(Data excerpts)

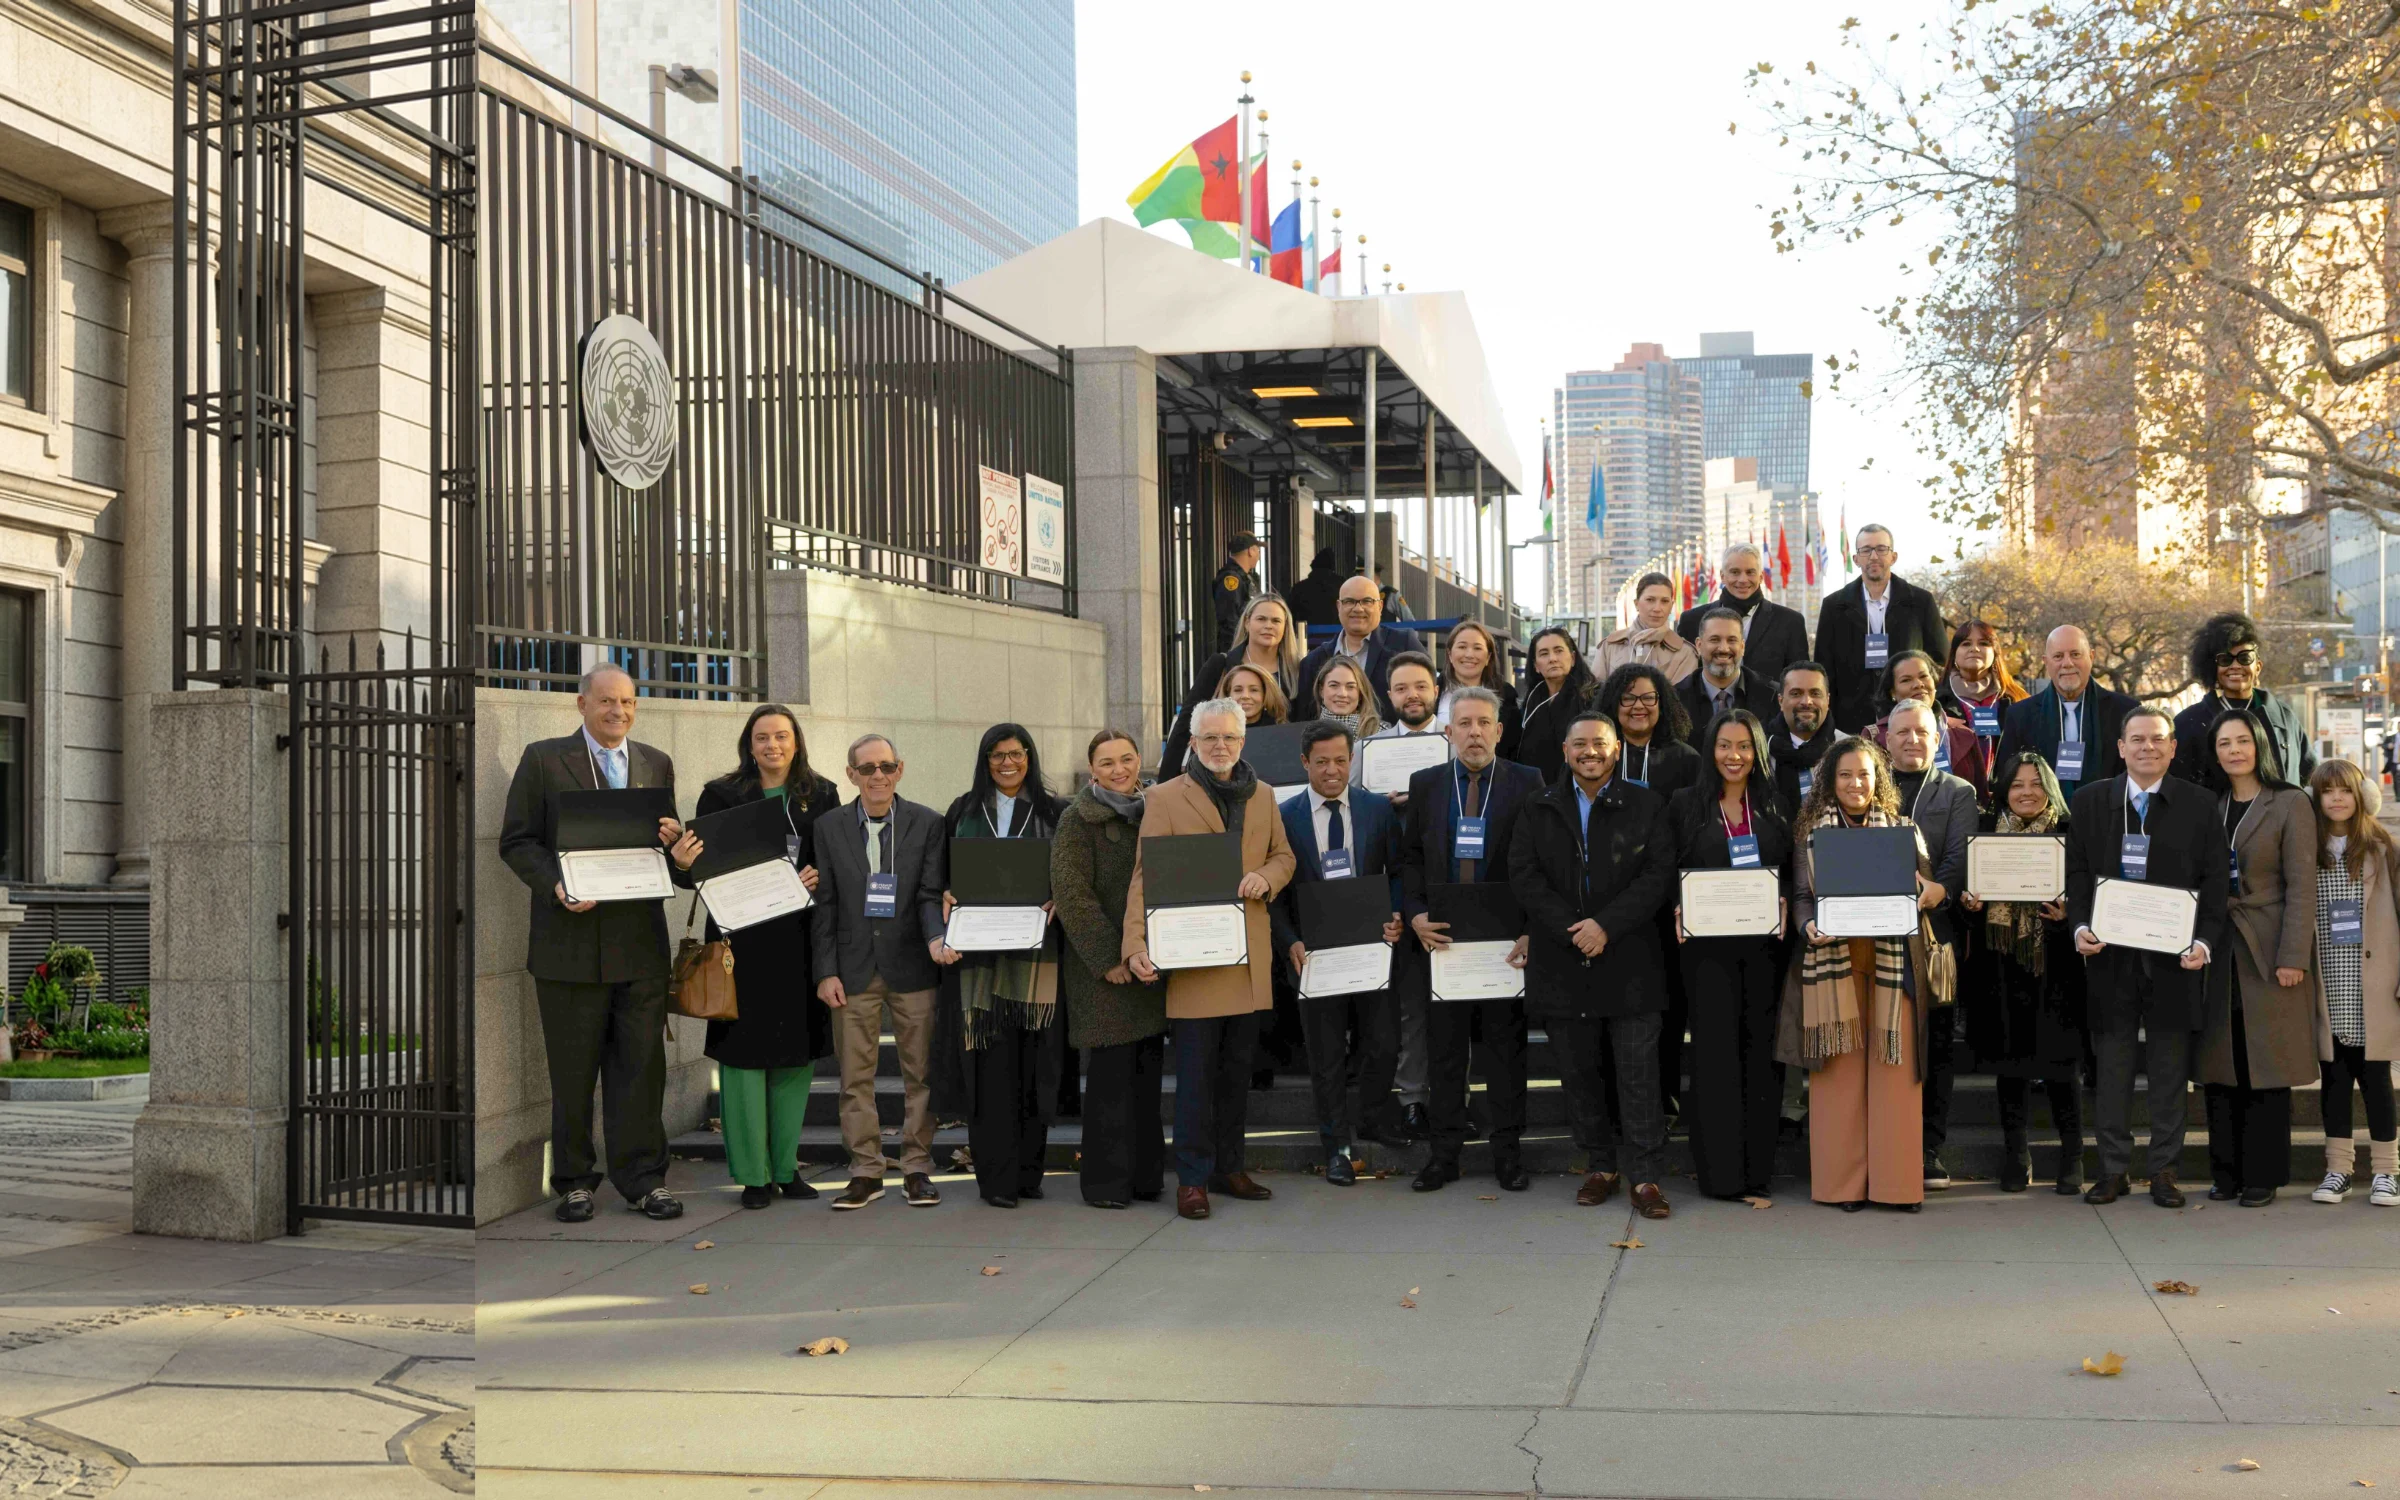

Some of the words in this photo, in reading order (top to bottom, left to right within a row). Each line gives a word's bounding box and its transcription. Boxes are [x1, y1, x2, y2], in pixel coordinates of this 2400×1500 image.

[1030, 482, 1047, 494] WELCOME
[1028, 490, 1043, 502] UNITED
[1045, 495, 1062, 508] NATIONS
[1032, 556, 1050, 565] VISITORS
[1031, 563, 1051, 573] ENTRANCE
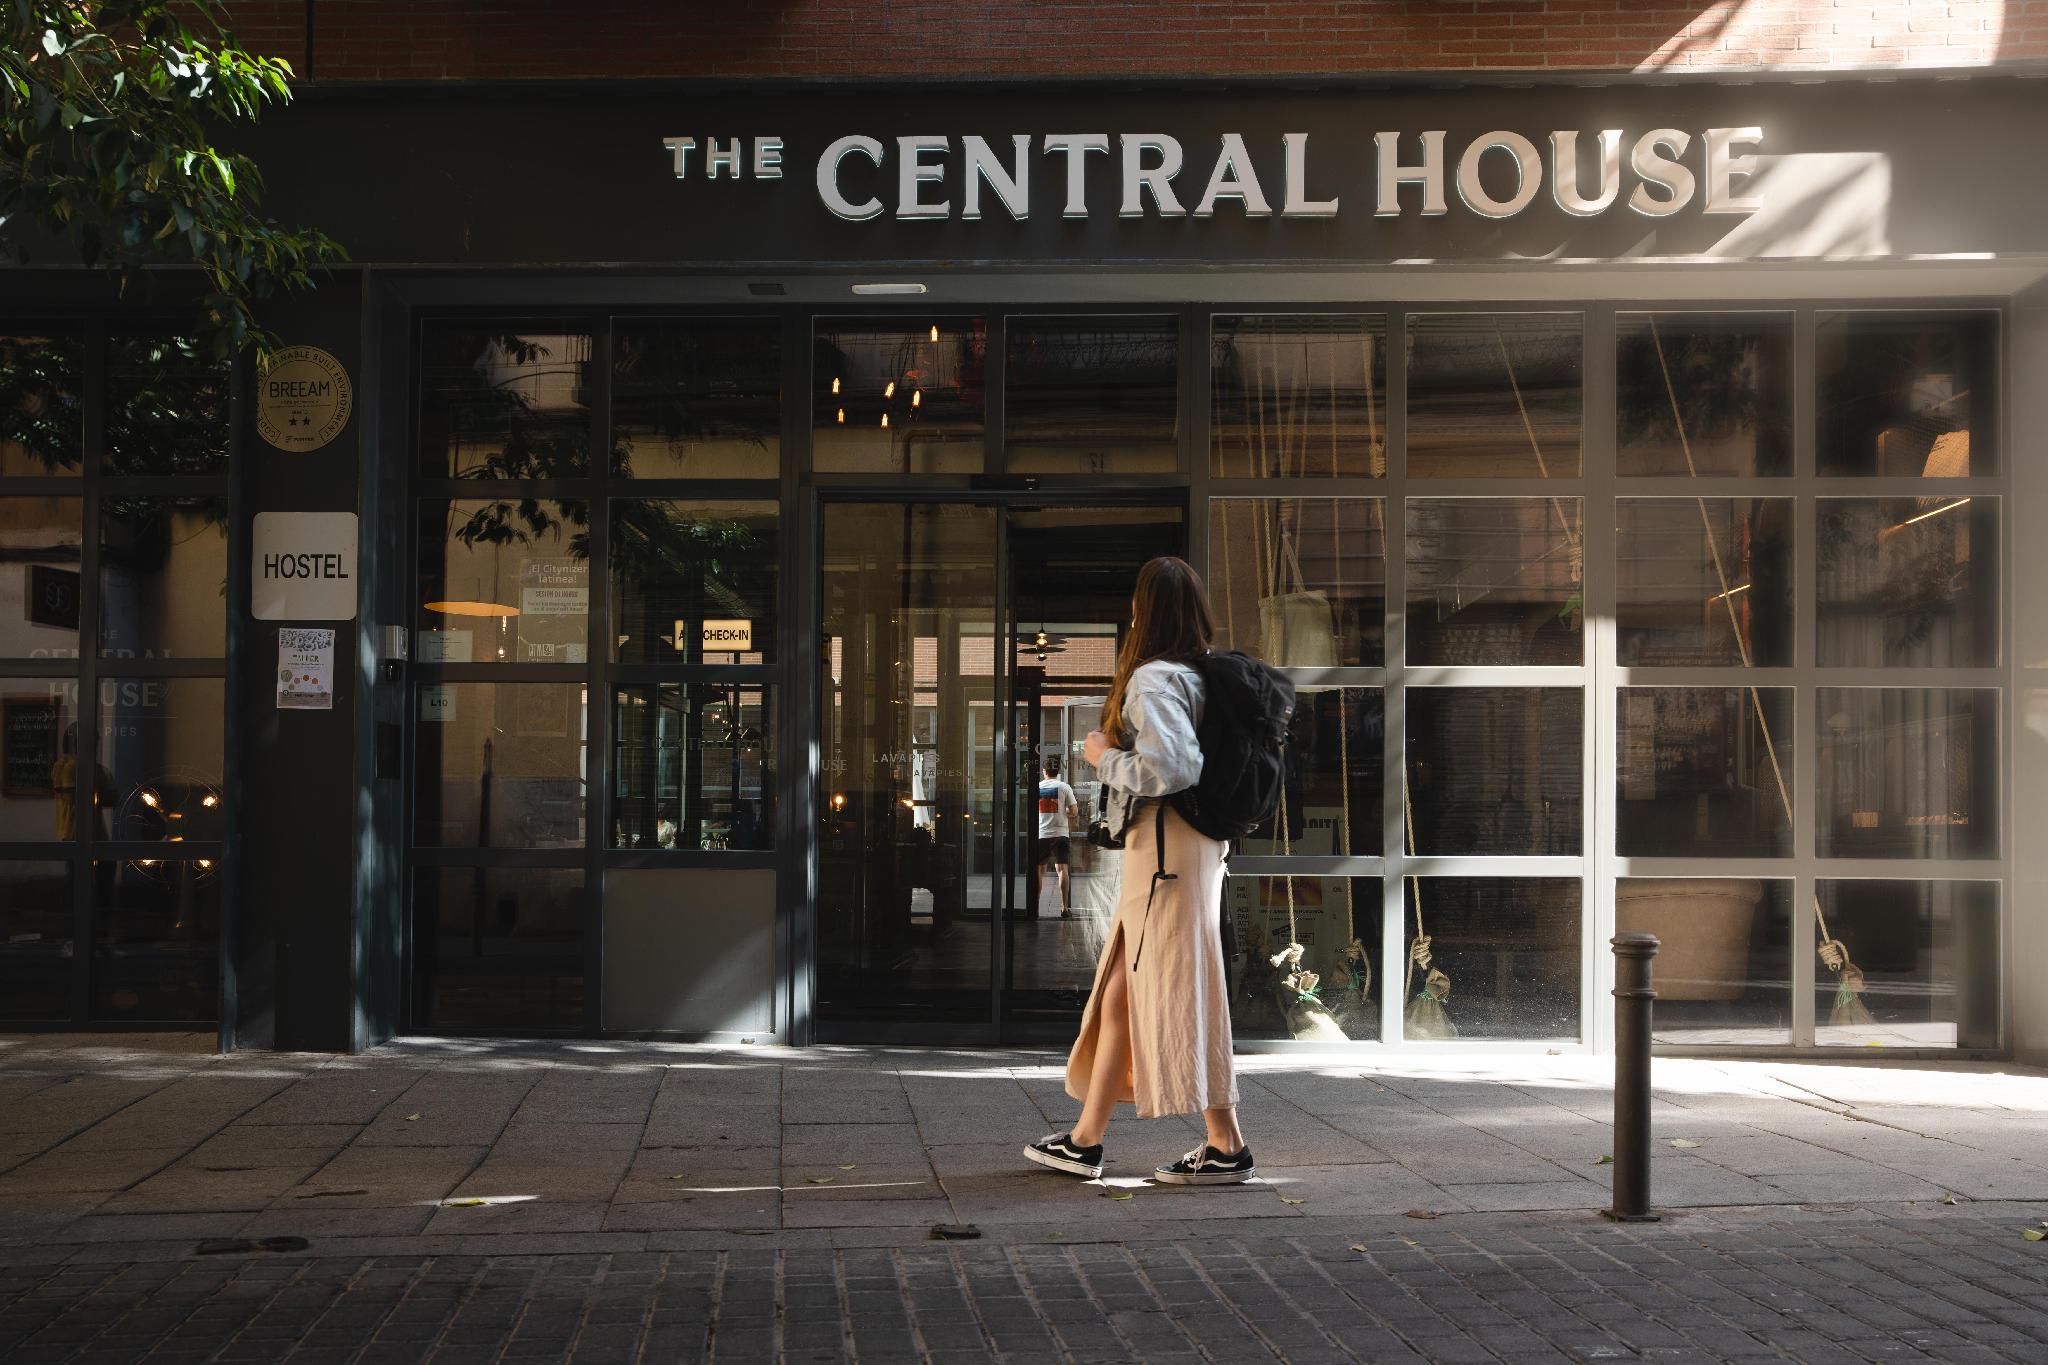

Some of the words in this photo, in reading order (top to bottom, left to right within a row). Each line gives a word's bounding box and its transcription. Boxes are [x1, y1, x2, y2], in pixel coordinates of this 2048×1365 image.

> _ACTION ITEM_
Set down the records in full and exactly. Do not carry over any image.

> _FINISHED EXERCISE_
Some of the words in this photo, in reading order (top to bottom, left to right within a row). Each line gives a word's bounding box and its transcription. Boxes are [x1, y1, x2, y2], in pixel coordinates of this 2400×1500 image.

[1030, 482, 1047, 494] WELCOME
[1028, 490, 1043, 502] UNITED
[1045, 495, 1062, 508] NATIONS
[1032, 556, 1050, 565] VISITORS
[1031, 563, 1051, 573] ENTRANCE

Some of the words in this photo, in reading order (top to bottom, left to right within a row). Each line gives a word's bounding box and its transcription. Boxes are [x1, y1, x2, y2], in pixel coordinates of this 2048×1365 image.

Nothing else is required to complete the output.